Personal information
- Native name: पूनम यादव
- Nationality: Indian
- Born: 25 July 1995 (age 31) Varanasi, Uttar Pradesh, India

Sport
- Country: India
- Sport: Weightlifting
- Event: 63 kg
- University team: Kashi Vidyapeeth, Varanasi

Medal record
Women's weightlifting
Representing India
Commonwealth Games
| Gold medal – first place | 2018 Gold Coast | 69 kg |
| Bronze medal – third place | 2014 Glasgow | 63 kg |
Commonwealth Championships
| Gold medal – first place | 2015 Pune | 63 kg |
| Silver medal – second place | 2017 Gold Coast | 69 kg |
| Silver medal – second place | 2021 Tashkent | 76 kg |

= Punam Yadav =

Indian weightlifter (born 1995)

Punam Yadav (born 9 July 1995) is an Indian weightlifter who won Bronze medal in the women's 63 kg weight class at the 2014 Commonwealth Games at Glasgow, where the gold medal was won by Olauwatoyin Adesanmi of Nigeria. She also won a gold medal at the 2018 Commonwealth Games held in Gold Coast, Australia.

==Early life==
The daughter of a small farmer, Punam grew up helping her parents in a Benaras village. After three years of intense training to become an international weightlifter, Punam finally got a chance to represent India at the 2014 Commonwealth Games. Her father reportedly sold their family buffalo to fund Punam’s trip.

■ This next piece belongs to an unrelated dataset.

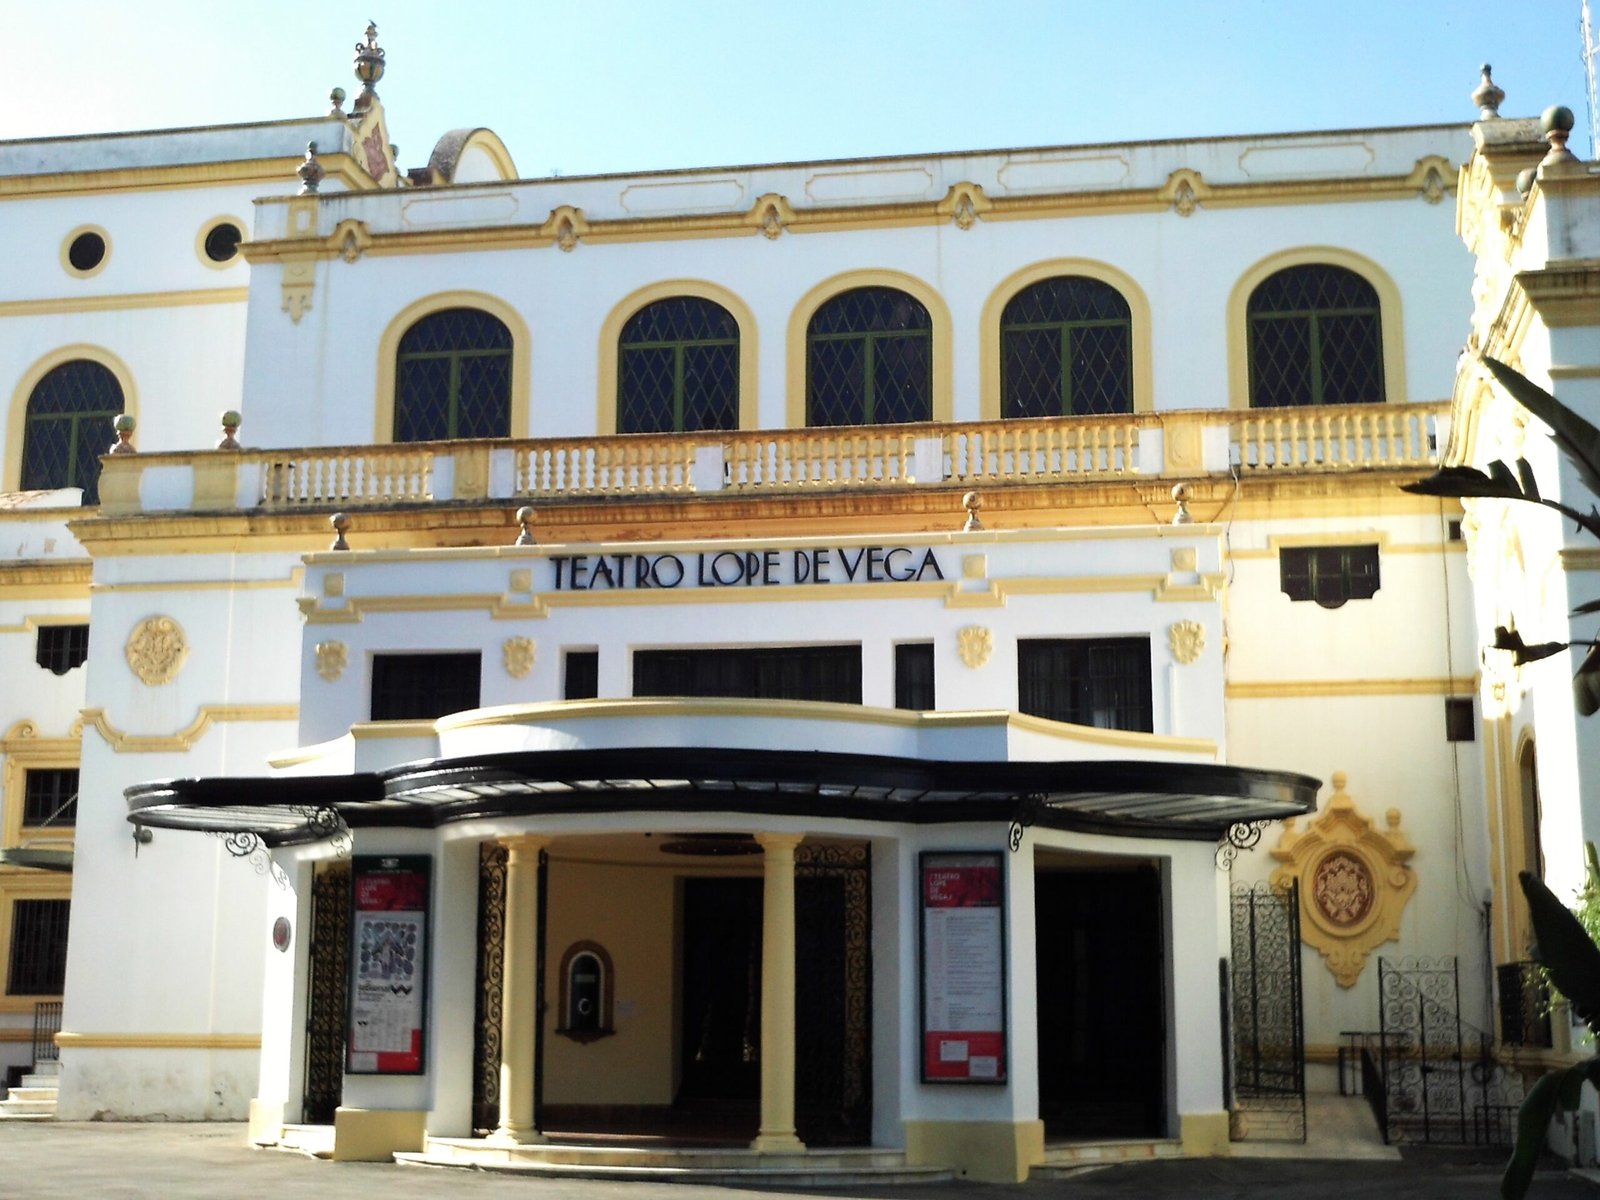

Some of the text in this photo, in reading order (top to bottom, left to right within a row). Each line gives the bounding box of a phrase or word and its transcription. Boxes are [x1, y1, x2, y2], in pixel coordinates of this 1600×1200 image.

She also joined Bhu Kashi Vidhya Peeth for her under graduate courses.

==Yash Bharti Award==
Punam was given Yash Bharati award by Government of Uttar Pradesh in 2015 for weightlifting.

==Career==
She won the gold medal by lifting a total of 222 kg: 100 kg in Snatch and 122 kg in Clean and jerk in 2018 Commonwealth Games in women's 69 kg division.

She had won bronze medal in 2014 Commonwealth Games by lifting a total weight of 202 kg, 88 kg in snatch and 114 kg in Clean and jerk. She went for undergraduate course at varanasi kashi vidhya peeth.